Fossil: Defense Against Robots

A typical Fossil website can have billions and billions of pages, and many of those pages (for example diffs and annotations and tarballs) can be expensive to compute. If a robot walks a Fossil-generated website, it can present a crippling bandwidth and CPU load. A "robots.txt" file can help, but in practice, most robots these days ignore the robots.txt file, so it won't help much.

A Fossil website is intended to be used interactively by humans, not walked by robots. This article describes the techniques used by Fossil to try to welcome human users while keeping out robots.

Defenses Are Enabled By Default

In the latest implementations of Fossil, most robot defenses are enabled by default. You can probably get by with standing up a public-facing Fossil instance in the default configuration. But you can also customize the defenses to serve your particular needs.

Customizing Anti-Robot Defenses

Admin users can configure robot defenses on the "Robot Defense Settings" page (/setup_robot). That page is accessible (to Admin users) from the default menu bar by click on the "Admin" menu choice, then selecting the "Robot-Defense" link from the list.

The Hyperlink User Capability

Every Fossil web session has a "user". For random passers-by on the internet (and for robots) that user is "nobody". The "anonymous" user is also available for humans who do not wish to identify themselves. The difference is that "anonymous" requires a login (using a password supplied via a CAPTCHA) whereas "nobody" does not require a login. The site administrator can also create logins with passwords for specific individuals.

Users without the Hyperlink capability do not see most Fossil-generated hyperlinks. This is a simple defense against robots, since the "nobody" user category does not have this capability by default. Users must log in (perhaps as "anonymous") before they can see any of the hyperlinks. A robot that cannot log into your Fossil repository will be unable to walk its historical check-ins, create diffs between versions, pull zip archives, etc. by visiting links, because there are no links.

A text message appears at the top of each page in this situation to invite humans to log in as anonymous in order to activate hyperlinks.

But requiring a login, even an anonymous login, can be annoying. Fossil provides other techniques for blocking robots which are less cumbersome to humans.

Automatic Hyperlinks Based on UserAgent and Javascript

Fossil has the ability to selectively enable hyperlinks for users that lack the Hyperlink capability based on their UserAgent string in the HTTP request header and on the browsers ability to run Javascript.
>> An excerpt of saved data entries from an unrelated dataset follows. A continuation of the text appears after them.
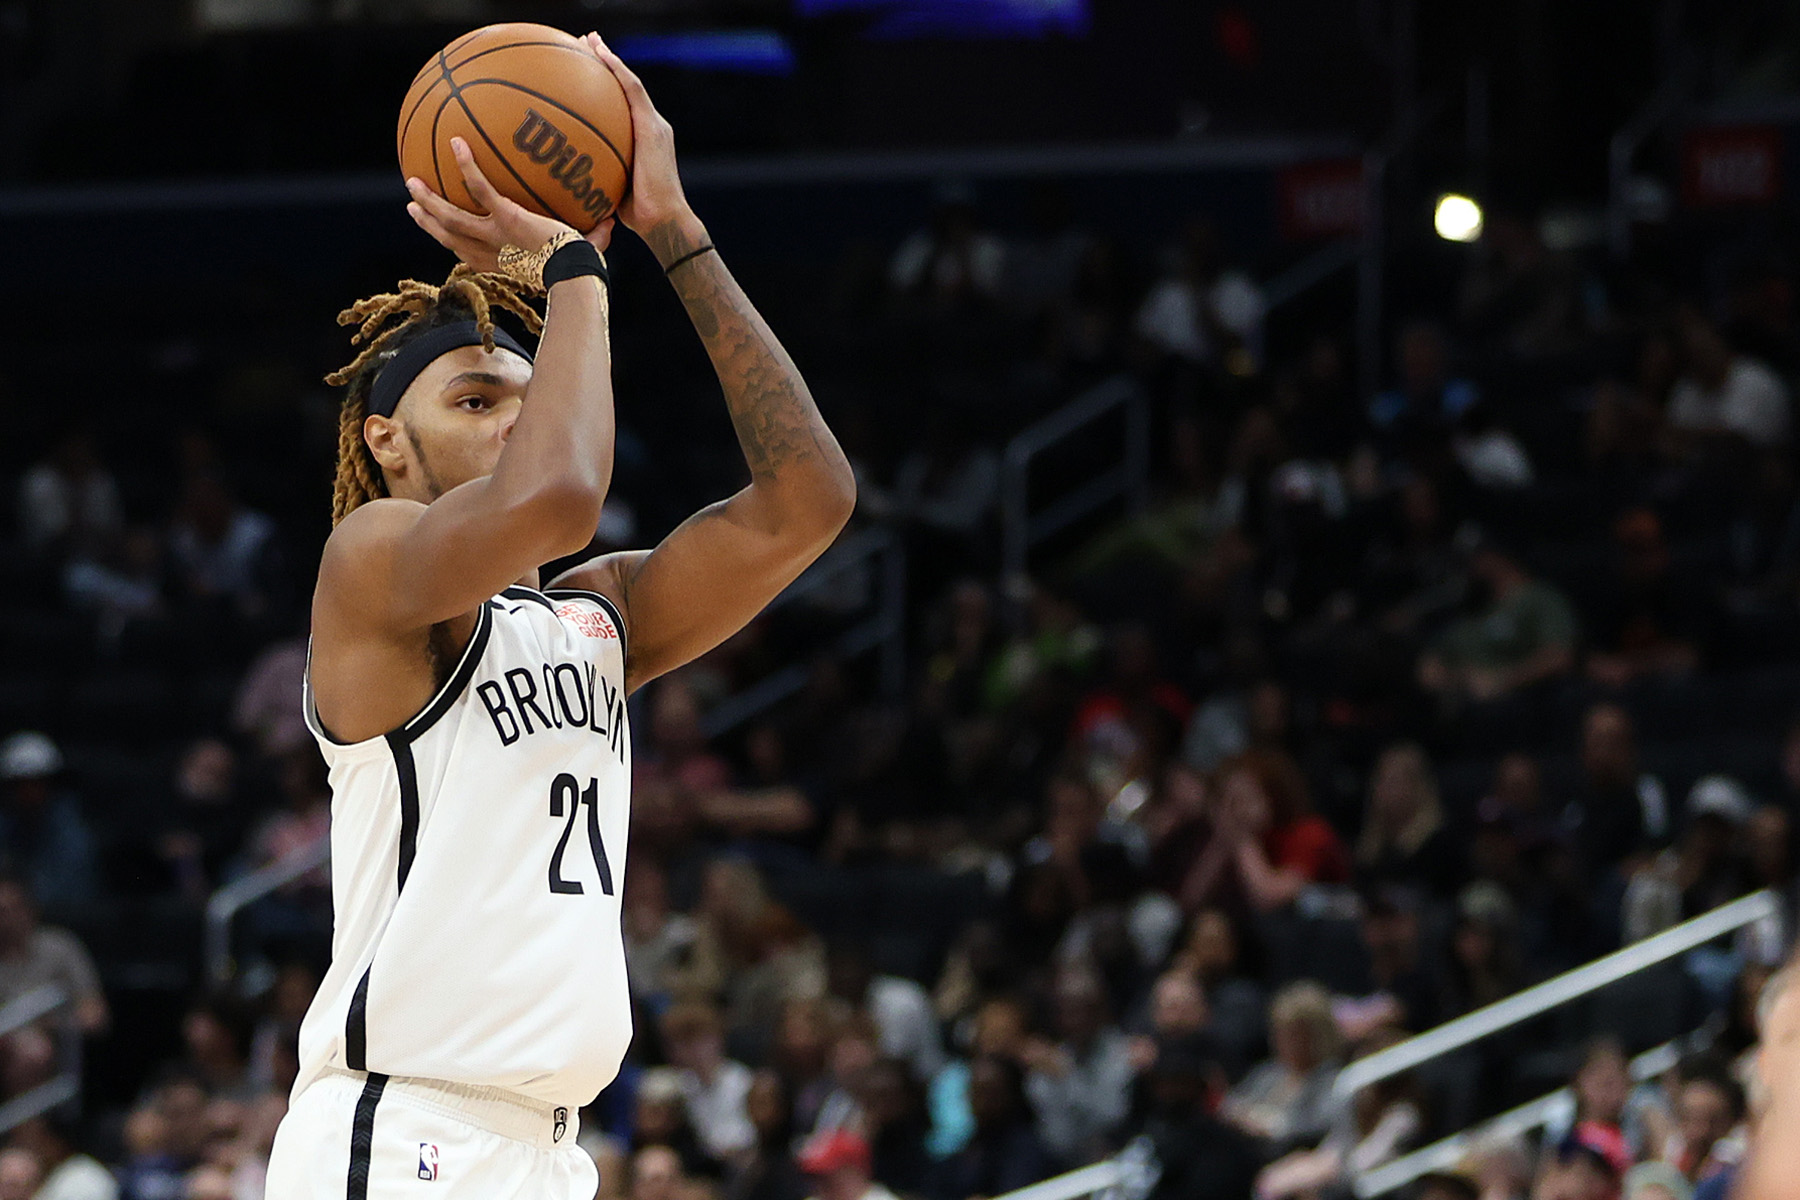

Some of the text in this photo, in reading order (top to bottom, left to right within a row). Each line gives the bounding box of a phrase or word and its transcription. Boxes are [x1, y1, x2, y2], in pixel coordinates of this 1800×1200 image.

[512, 107, 614, 223] Wilson
[555, 603, 583, 618] GET
[565, 611, 607, 626] YOUR
[578, 624, 617, 640] GUDE
[547, 772, 615, 897] 21
The UserAgent string is a text identifier that is included in the header of most HTTP requests that identifies the specific maker and version of the browser (or robot) that generated the request. Typical UserAgent strings look like this:

Mozilla/5.0 (Windows NT 6.1; rv:19.0) Gecko/20100101 Firefox/19.0
Mozilla/4.0 (compatible; MSIE 8.0; Windows_NT 5.1; Trident/4.0)
Mozilla/5.0 (compatible; Googlebot/2.1; +http://www.google.com/bot.html)
Wget/1.12 (openbsd4.9)

The first two UserAgent strings above identify Firefox 19 and Internet Explorer 8.0, both running on Windows NT. The third example is the robot used by Google to index the internet. The fourth example is the "wget" utility running on OpenBSD. Thus the first two UserAgent strings above identify the requester as human whereas the second two identify the requester as a robot. Note that the UserAgent string is completely under the control of the requester and so a malicious robot can forge a UserAgent string that makes it look like a human. But most robots want to "play nicely" on the internet and are quite open about the fact that they are a robot. And so the UserAgent string provides a good first-guess about whether or not a request originates from a human or a robot.
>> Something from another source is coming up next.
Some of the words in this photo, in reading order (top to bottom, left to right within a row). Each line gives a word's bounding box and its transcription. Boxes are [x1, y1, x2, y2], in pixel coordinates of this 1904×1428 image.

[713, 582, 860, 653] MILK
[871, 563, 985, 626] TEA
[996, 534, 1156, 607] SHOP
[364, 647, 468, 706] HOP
The auto-hyperlink setting, shown as "Enable hyperlinks based on User-Agent and/or Javascript" on the Robot Defense Settings page, can be set to "UserAgent only" or "UserAgent and Javascript" or "off". If the UserAgent string looks like a human and not a robot, then Fossil will enable hyperlinks even if the Hyperlink capability is omitted from the user permissions. This setting gives humans easy access to the hyperlinks while preventing robots from walking the billions of pages on a typical Fossil site.

If the setting is "UserAgent only" (2), then the hyperlinks are simply enabled and that is all. But if the setting is "UserAgent and Javascript" (1), then the hyperlinks are not enabled directly. Instead, the HTML code that is generated contains anchor tags ("<a>") with "href=" attributes that point to /honeypot rather than the correct link. JavaScript code is added to the end of the page that goes back and fills in the correct "href=" attributes of the anchor tags with the true hyperlink targets, thus enabling the hyperlinks. This extra step of using JavaScript to enable the hyperlink targets is a security measure against robots that forge a human-looking UserAgent string. Most robots do not bother to run JavaScript and so to the robot the empty anchor tag will be useless. But all modern web browsers implement JavaScript, so hyperlinks will show up normally for human users.

If the "auto-hyperlink" setting is (2) "Enable hyperlinks using User-Agent and/or Javascript", then there are now two additional sub-settings that control when hyperlinks are enabled.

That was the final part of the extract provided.